Discussion in 'General Advice' started by Mossflower, Jan 30, 2018.

  1. Mossflower

    Mossflower Well-Known Member

    Guess I'll get right to the point. I want to go see my boyfriend for his birthday in May. The problem is he lives in Florida and I'm in Tennessee. I am currently 27 have a car and money to pay for everything. The problem is my parents specifically dad.

    He has this issue where he trusts no one but me my sisters and Mom pretty much and a temper to go with it. I know the minute I mention wanting to go out of state he'll say 'not by yourself you're not.'

    The next problem to add to that is I have zero irl friends so no one to bring along.

    I get where he's coming from but the last time I wanted to go on vacation on my own he threatened to call the cops to drag me back if I did. I'm just stuck feeling like the only way I'll be able to see him in person is to move out first.
     
  2. turtleDove

    turtleDove Well-Known Member

    Is it possible to present this to your dad as something which is going to happen, whether or not he approves of it, rather than something you're considering? Also would turning things around so that you're going "you taught me how to handle myself, don't you trust that you taught me well enough to manage something like this?" work out well?
    Also, if the car and insurance for it are in your name, and you've got a valid driver's license and you're a legal adult? He can threaten to call the cops to drag you back all he wants, that doesn't mean they'll actually do it. What'll happen is that the police will check in on you to make sure you haven't been kidnapped or anything, and on seeing a grown adult who has pretty obviously not stolen the car or been kidnapped, they're more likely to go "okay, drive safe" and then move on with their day.

    For actual travel advice: if you're planning a long road trip without anyone else coming along for the ride, then you need to factor that into the amount of time it'll take you to get from point A to point B. You can't nap in the car while in transit, if you're the only driver (obviously); you'll need to make sure to stop regularly for food and washroom breaks, and figure out the amount of time you can safely drive in one day - make sure that you can find somewhere to pull off and rest for the night safely, once you've reached that limit.

    Without looking at a map, I'm guessing that the distances involved here are about the same as the ones that were involved for a trip my matesprit and I took from Nova Scotia to Georgia, for Dragoncon 2010. That was about a two-day drive down, including a stop at a motel to sleep, if I'm remembering right - possibly three days.
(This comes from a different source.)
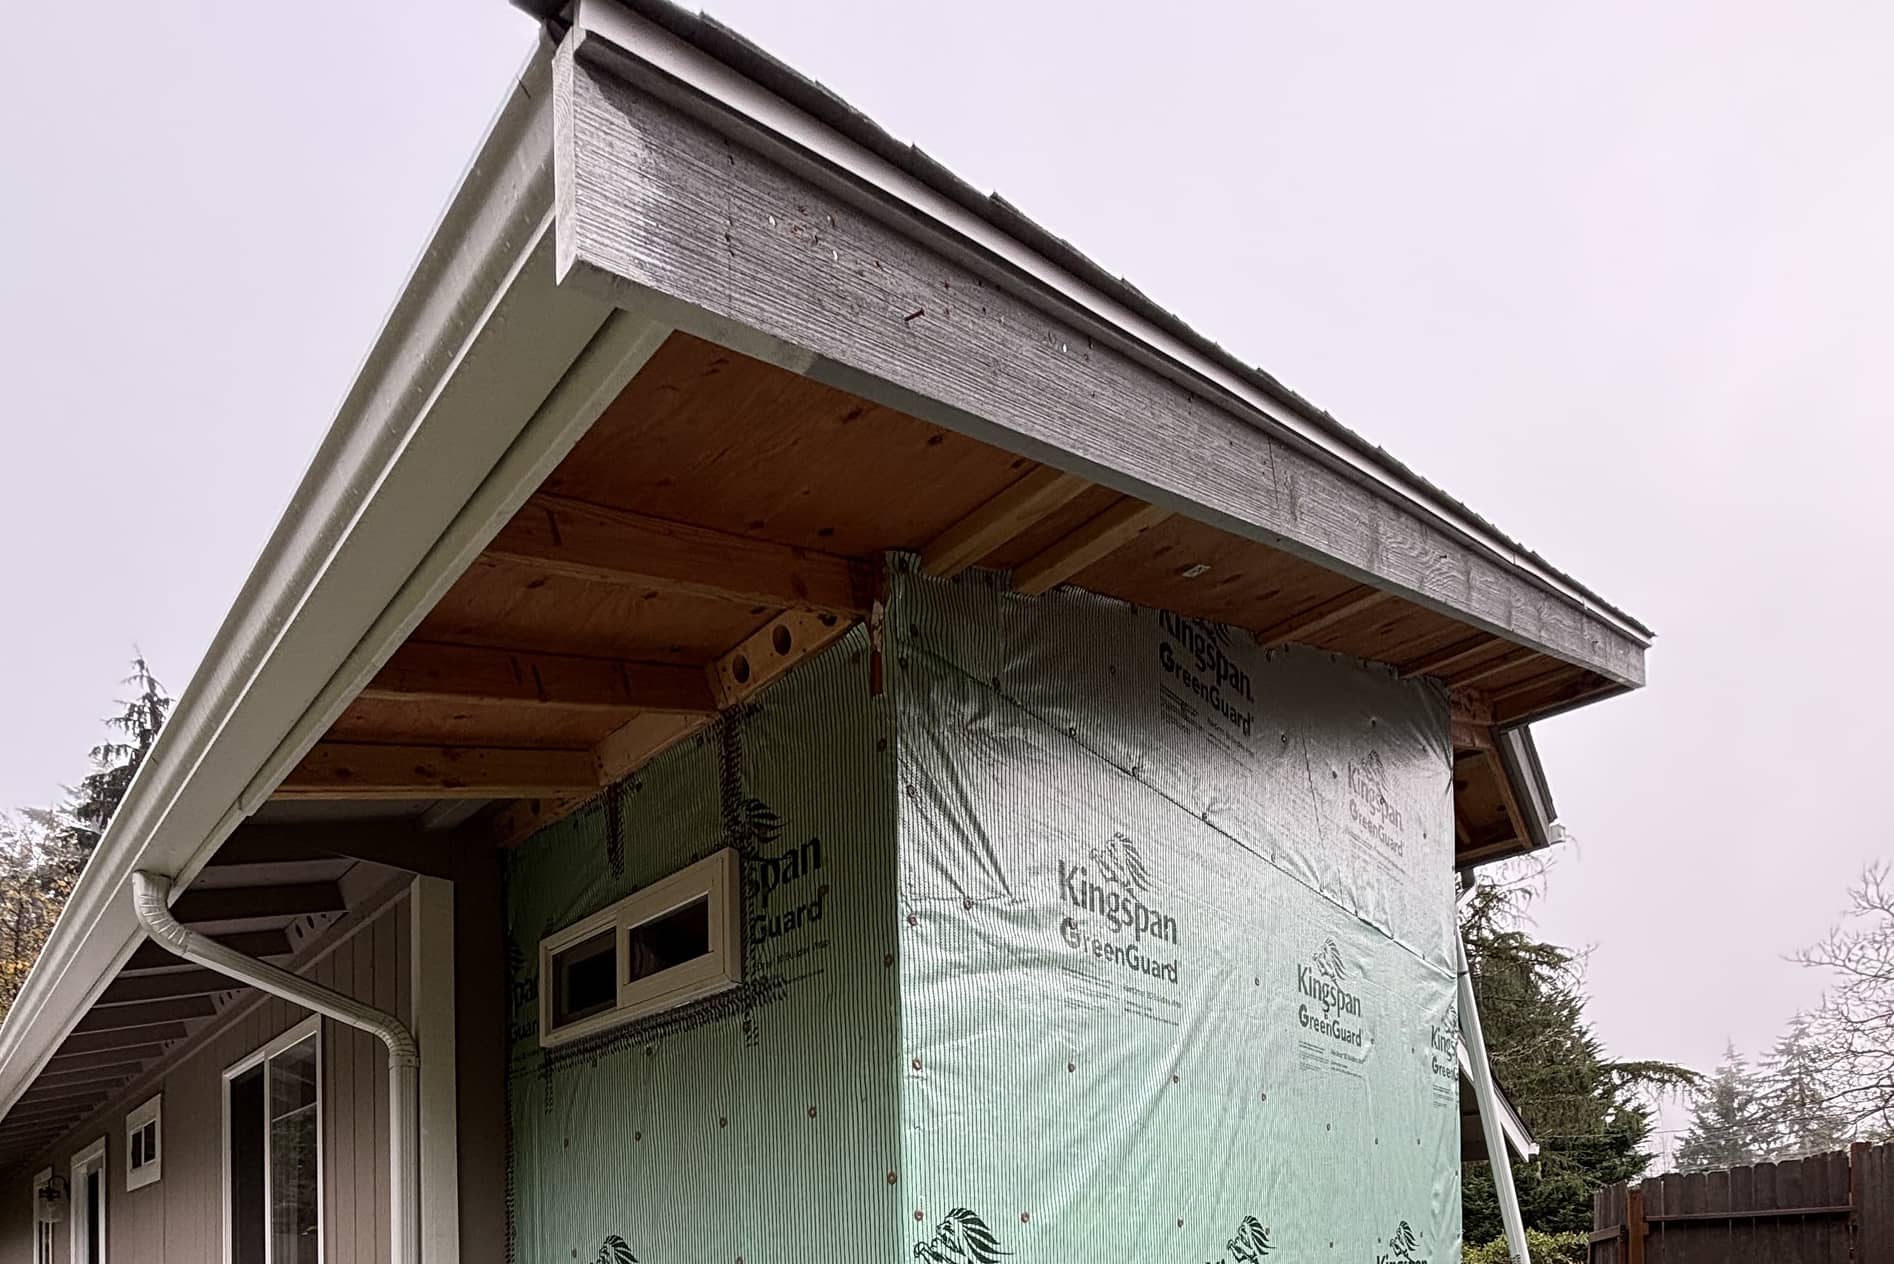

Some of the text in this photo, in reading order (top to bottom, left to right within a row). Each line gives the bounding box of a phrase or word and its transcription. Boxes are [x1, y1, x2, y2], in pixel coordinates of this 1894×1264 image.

But Matesprit was 18 and able-bodied, and it was late August, so don't take that as a solid estimate for how long it might take you. I'd consider limiting yourself to about eight hours of driving a day, and assume the trip will take at least a week for you to get there if the roads and weather cooperate.

    Make sure your car's in good working order before you start the trip. No weird rattling noises, A/C and heater work as expected (our A/C died halfway into the drive there, which was about as hellish as you'd expect), and everything generally checking out as road-safe.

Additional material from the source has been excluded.